Data for analysis =
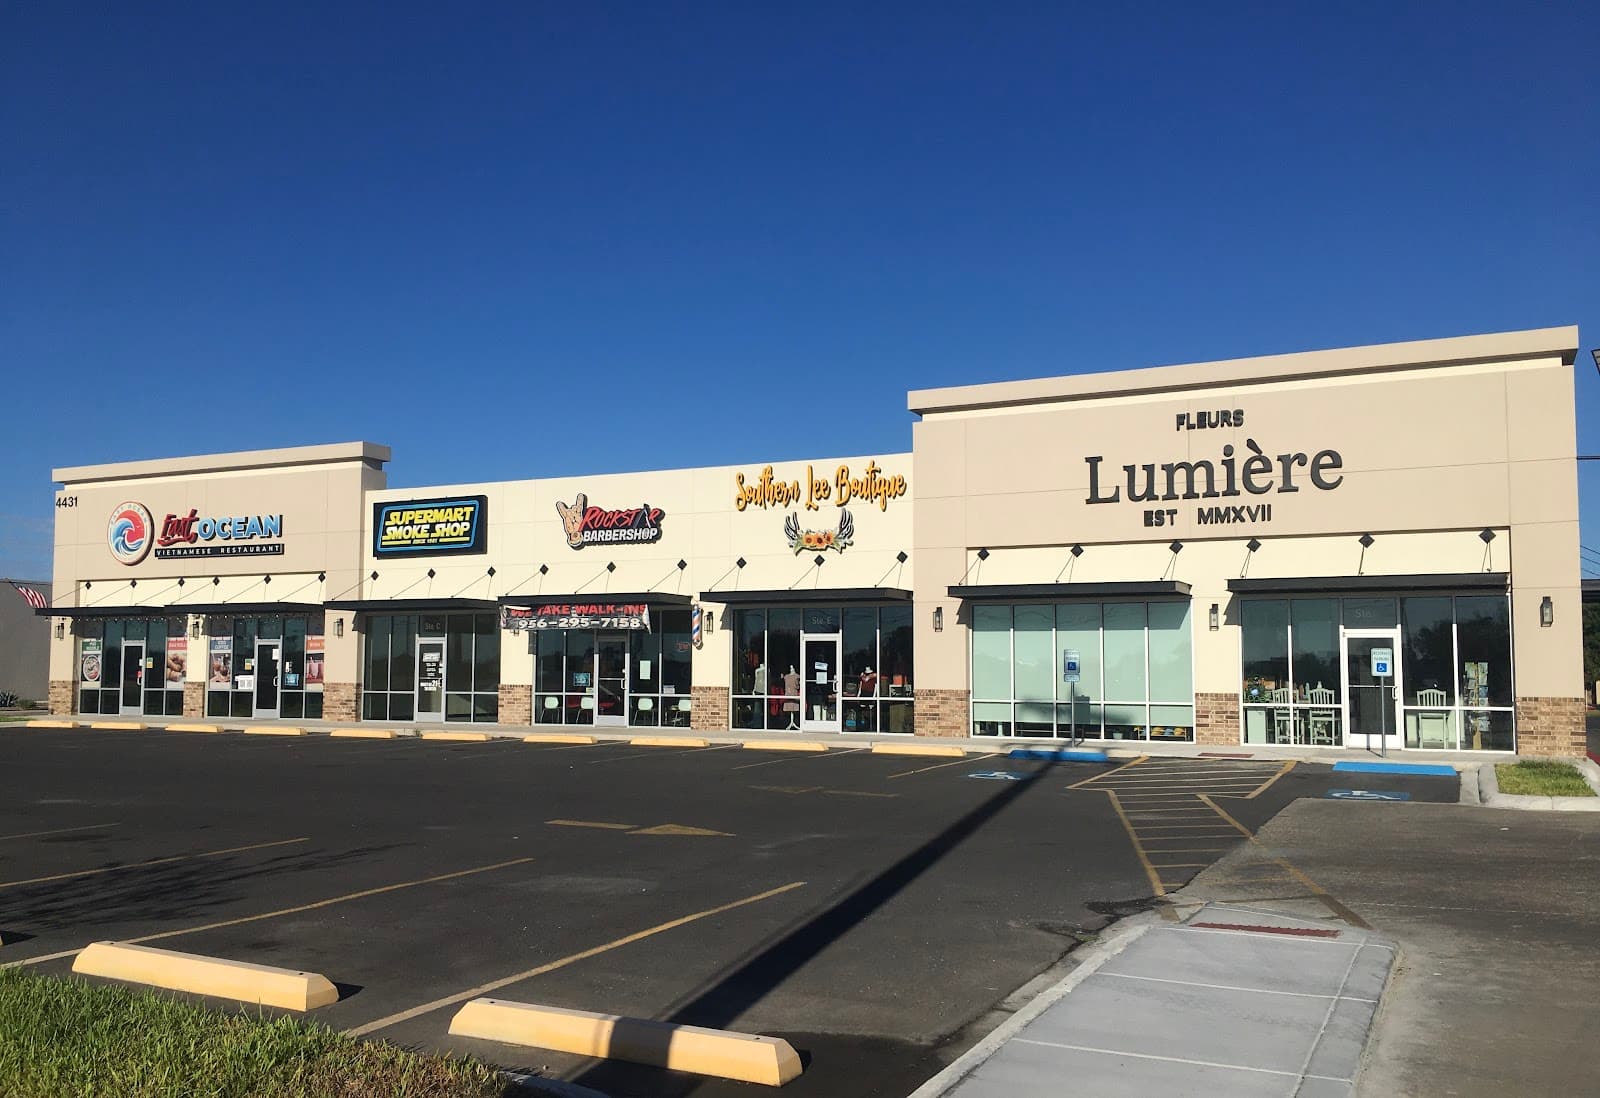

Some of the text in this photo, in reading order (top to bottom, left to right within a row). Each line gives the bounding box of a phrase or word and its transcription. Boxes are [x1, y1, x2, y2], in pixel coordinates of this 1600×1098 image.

[1176, 409, 1244, 431] FLEURS
[1084, 438, 1344, 505] Lumière
[736, 460, 907, 512] Southern Lee Boutique
[55, 496, 78, 508] 4431
[385, 507, 475, 526] SUPERMART
[578, 504, 660, 531] ROCKSTAR
[1143, 504, 1272, 527] EST MMXVII
[197, 514, 283, 541] OCEAN
[382, 522, 470, 541] SMOKE SHOP
[583, 527, 658, 542] BARBERSHOP
[156, 545, 280, 556] VIETNAMESE RESTAURANT
[518, 617, 641, 630] 956-295-7158
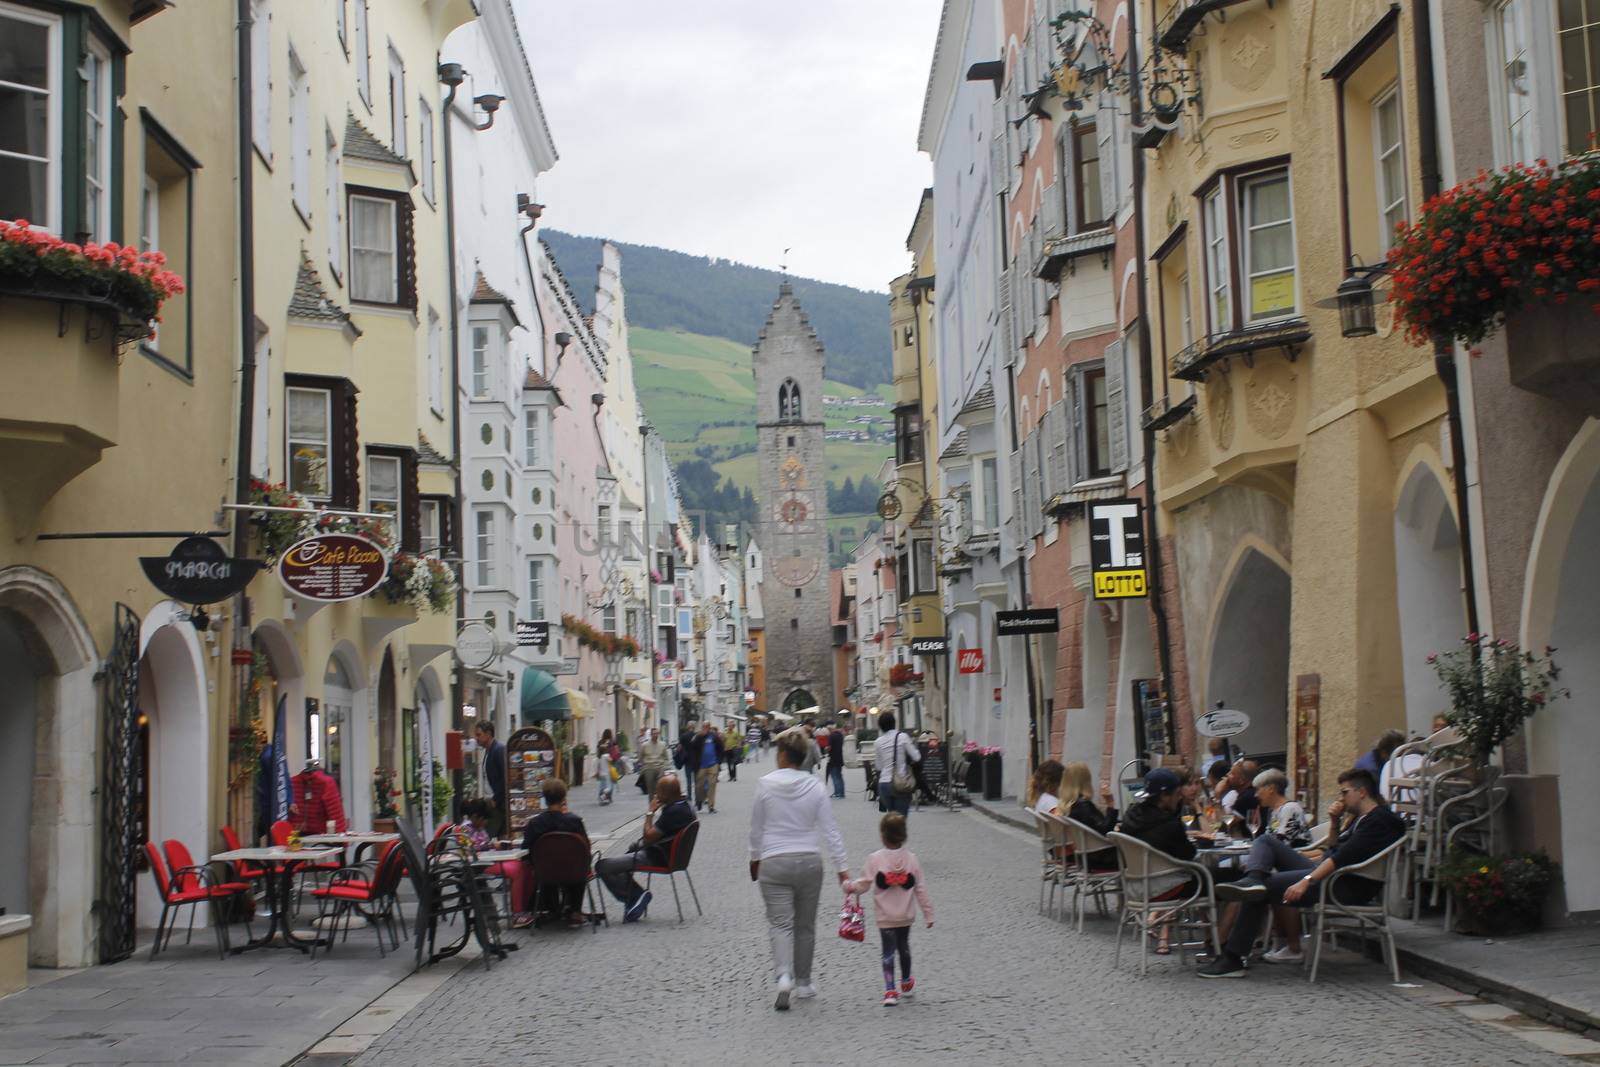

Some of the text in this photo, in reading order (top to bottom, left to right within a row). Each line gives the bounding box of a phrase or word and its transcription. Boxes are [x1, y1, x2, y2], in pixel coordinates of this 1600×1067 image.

[1097, 574, 1143, 595] LOTTO
[912, 641, 945, 651] PLEASE
[960, 652, 983, 671] illy
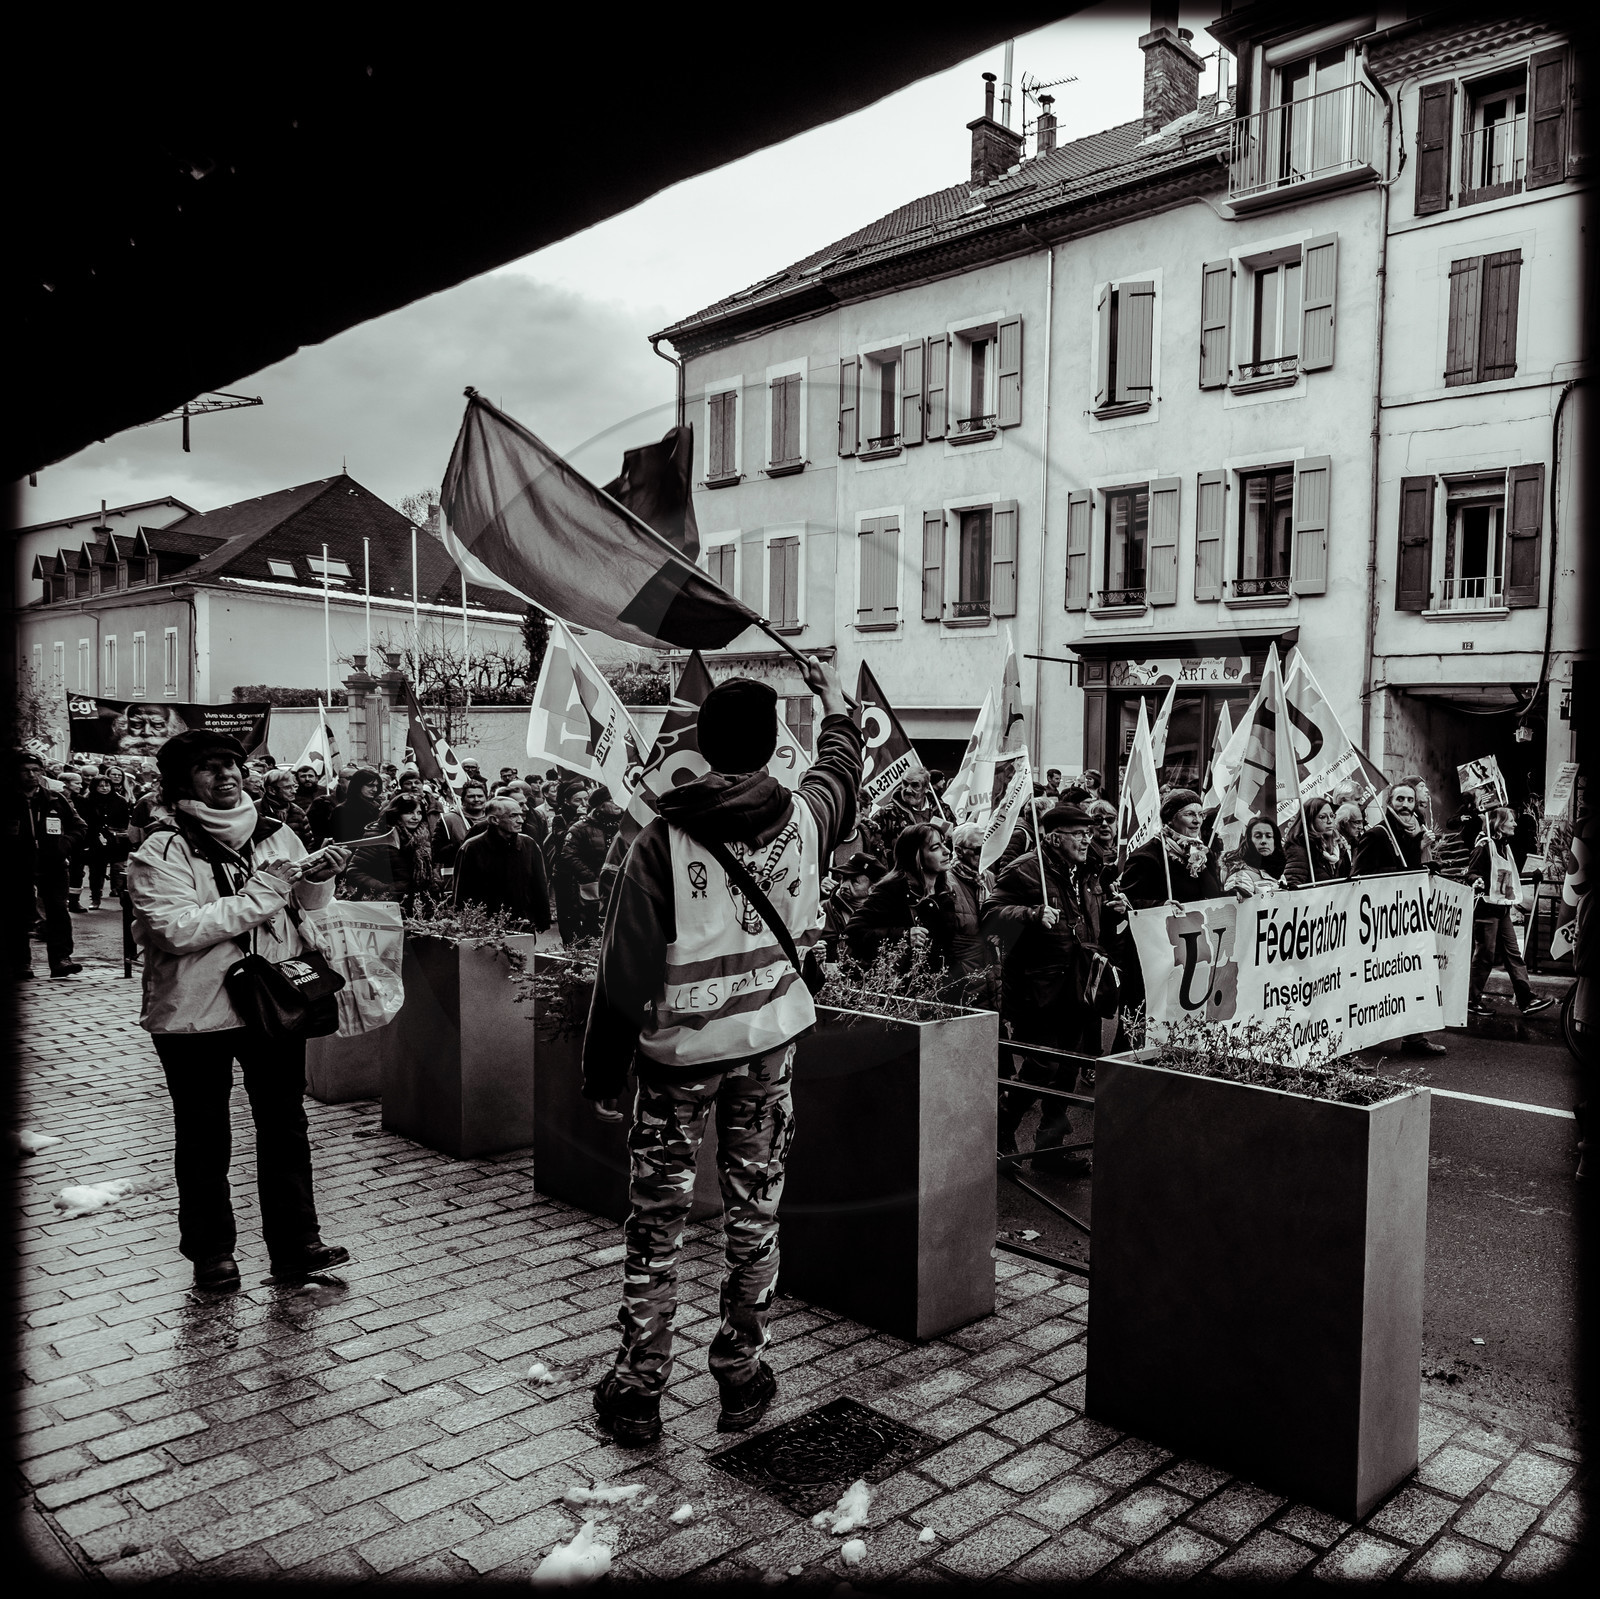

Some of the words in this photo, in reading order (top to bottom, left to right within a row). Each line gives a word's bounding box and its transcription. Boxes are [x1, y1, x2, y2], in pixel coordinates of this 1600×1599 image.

[1178, 666, 1207, 681] ART
[1210, 669, 1219, 680] &
[69, 699, 98, 715] cgt
[1254, 900, 1348, 967] Fédération
[1363, 951, 1422, 984] Education
[674, 983, 719, 1010] LES
[1348, 993, 1406, 1029] Formation

Your objective =
Every line of the material must be returned verbatim, and pictures must be left behind.

Solution for this task =
Some of the text in this photo, in reading order (top to bottom, left to right within a row). Each line gives the bounding box of a phrase or word and its transcription. Boxes are [x1, y1, x2, y2], in pixel coordinates of this 1600×1098 image.

[1176, 409, 1244, 431] FLEURS
[1084, 438, 1344, 505] Lumière
[736, 460, 907, 512] Southern Lee Boutique
[55, 496, 78, 508] 4431
[385, 507, 475, 526] SUPERMART
[578, 504, 660, 531] ROCKSTAR
[1143, 504, 1272, 527] EST MMXVII
[197, 514, 283, 541] OCEAN
[382, 522, 470, 541] SMOKE SHOP
[583, 527, 658, 542] BARBERSHOP
[156, 545, 280, 556] VIETNAMESE RESTAURANT
[518, 617, 641, 630] 956-295-7158

Some of the text in this photo, in reading order (top to bottom, left to right within a row). Each line gives the bounding box of a phrase or word and its transcription. Boxes are [x1, y1, x2, y2], in pixel coordinates of this 1600×1067 image.

[1097, 574, 1143, 595] LOTTO
[912, 641, 945, 651] PLEASE
[960, 652, 983, 671] illy

Some of the words in this photo, in reading order (top to bottom, left to right within a row). Each line gives a word's bounding box and its transcription. Boxes are [x1, y1, x2, y2], in pixel coordinates of this 1600×1599 image.

[1178, 666, 1207, 681] ART
[1210, 669, 1219, 680] &
[69, 699, 98, 715] cgt
[1254, 900, 1348, 967] Fédération
[1363, 951, 1422, 984] Education
[674, 983, 719, 1010] LES
[1348, 993, 1406, 1029] Formation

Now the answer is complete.